Y, sin embargo, el verdadero campo de batalla de un hombre no suele estar en el despacho ni en la empresa.
Está en casa.
Ojalá la sonrisa que muchos dedican a sus clientes la dedicaran también a su familia.
Ojalá la diligencia con la que cumplen en el trabajo la aplicaran también en su hogar.
Ojalá el trato deferente —casi reverencial— que muchos tienen con su jefe lo tuvieran también con su mujer.
Porque al final el verdadero triunfo no está en los aplausos públicos, ni en los balances económicos, ni siquiera en las vitrinas de trofeos.
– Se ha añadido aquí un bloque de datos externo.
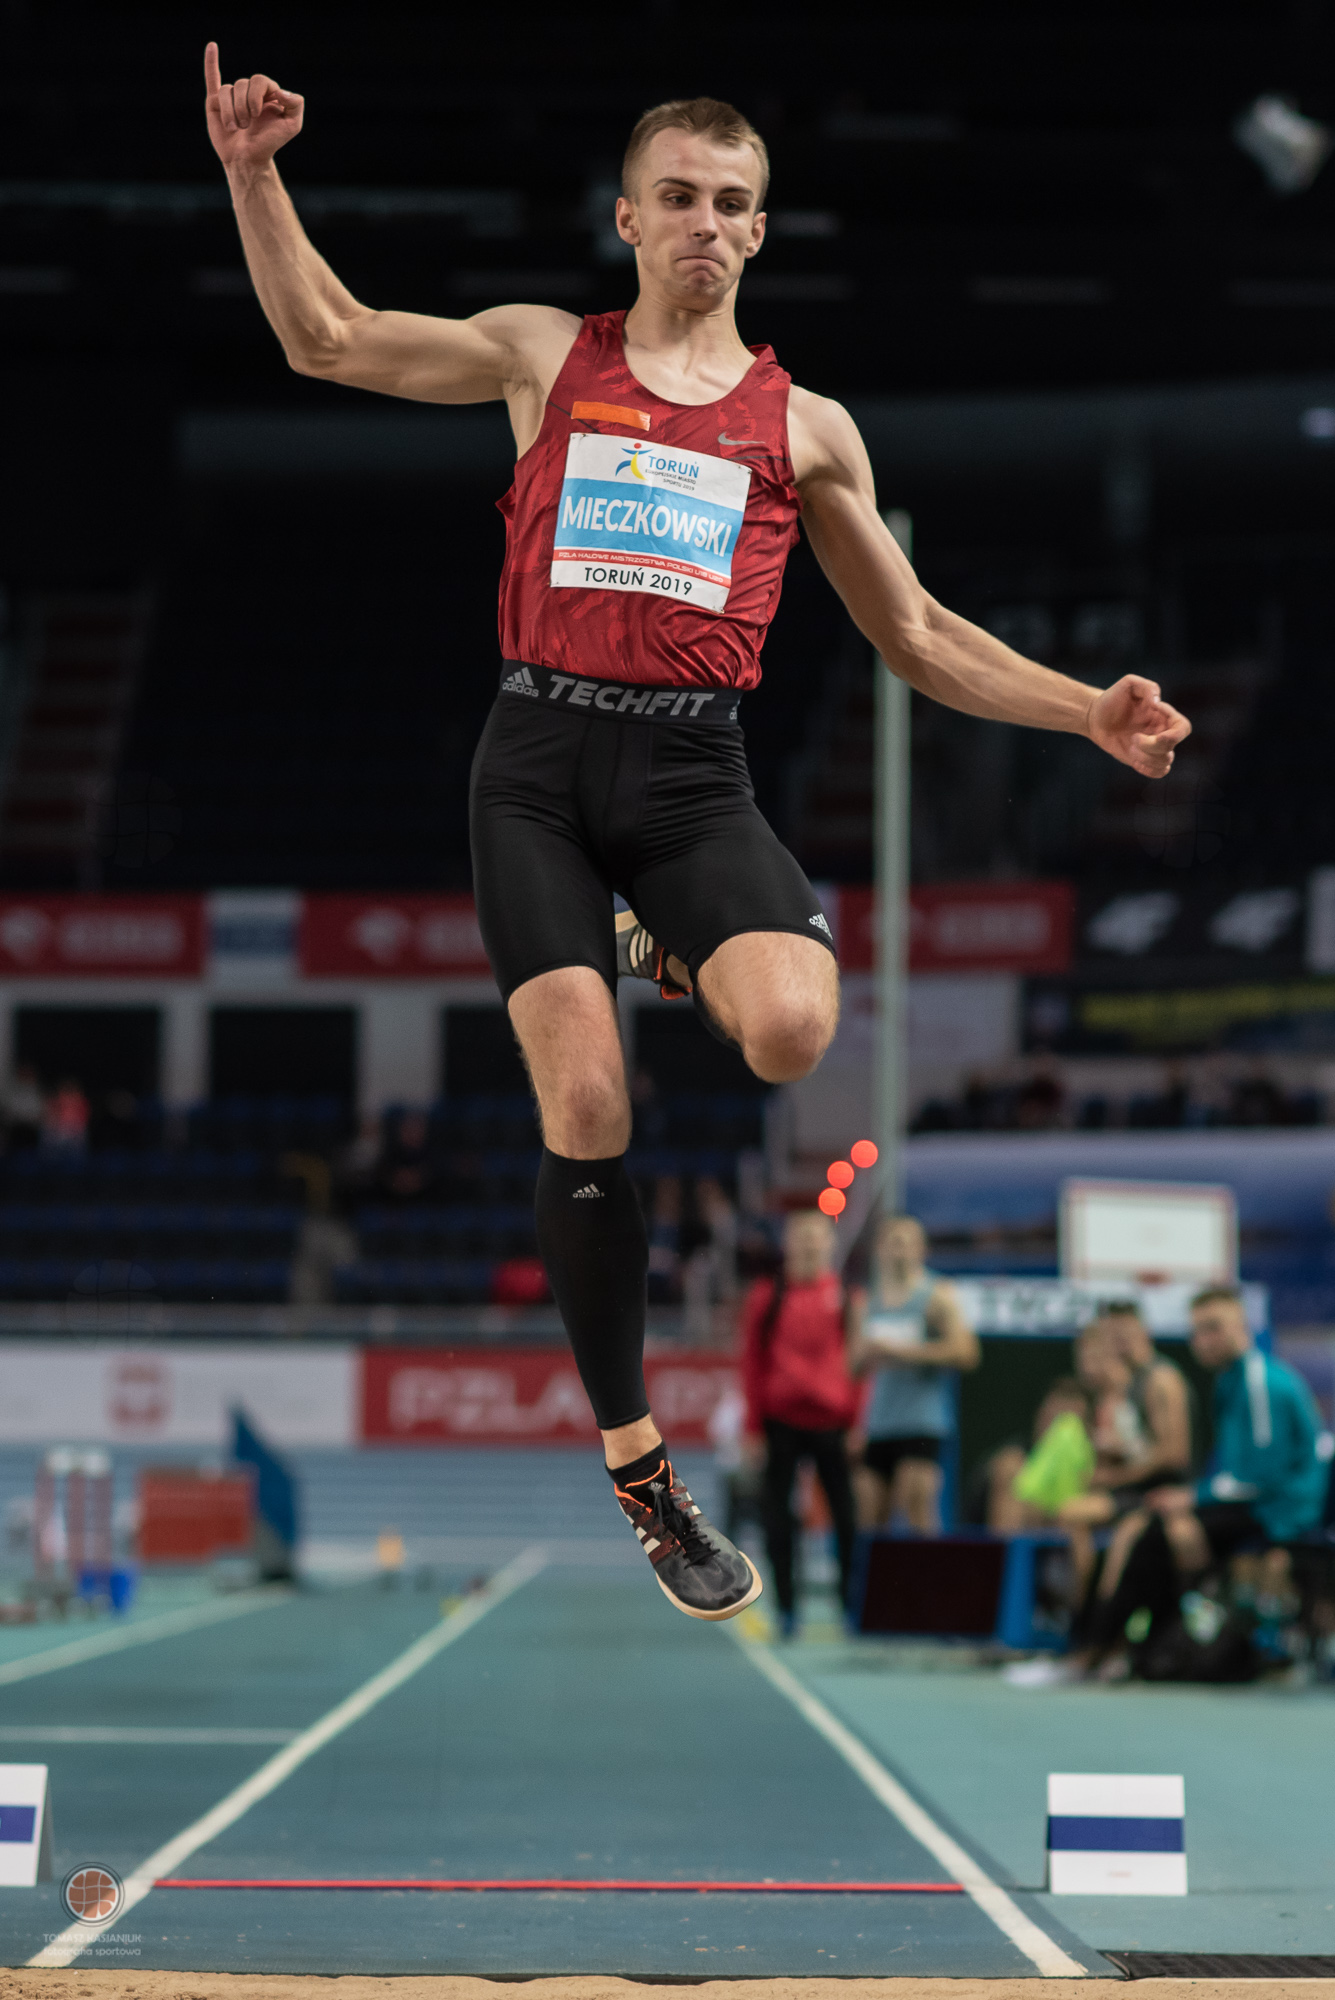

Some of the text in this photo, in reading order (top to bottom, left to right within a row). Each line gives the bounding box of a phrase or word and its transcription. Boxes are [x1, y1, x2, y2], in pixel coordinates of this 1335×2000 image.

El verdadero triunfo consiste en algo mucho más sencillo y mucho más difícil: hacer bien lo que tenemos que hacer donde realmente importa.
Por eso, quizá la confesión más sincera de Joan Laporta no tenga nada que ver con el fútbol.
Tal vez sea simplemente el recordatorio de una verdad antigua que hemos olvidado.
Así que hoy, cuando termines de leer esto, haz algo muy sencillo: vuelve a casa.
Y sé un triunfador.
Trata a tu mujer como se merece.
Porque, como escribió José María Pemán en El divino impaciente:
“No hay virtud más eminente que el hacer sencillamente lo que tenemos que hacer.”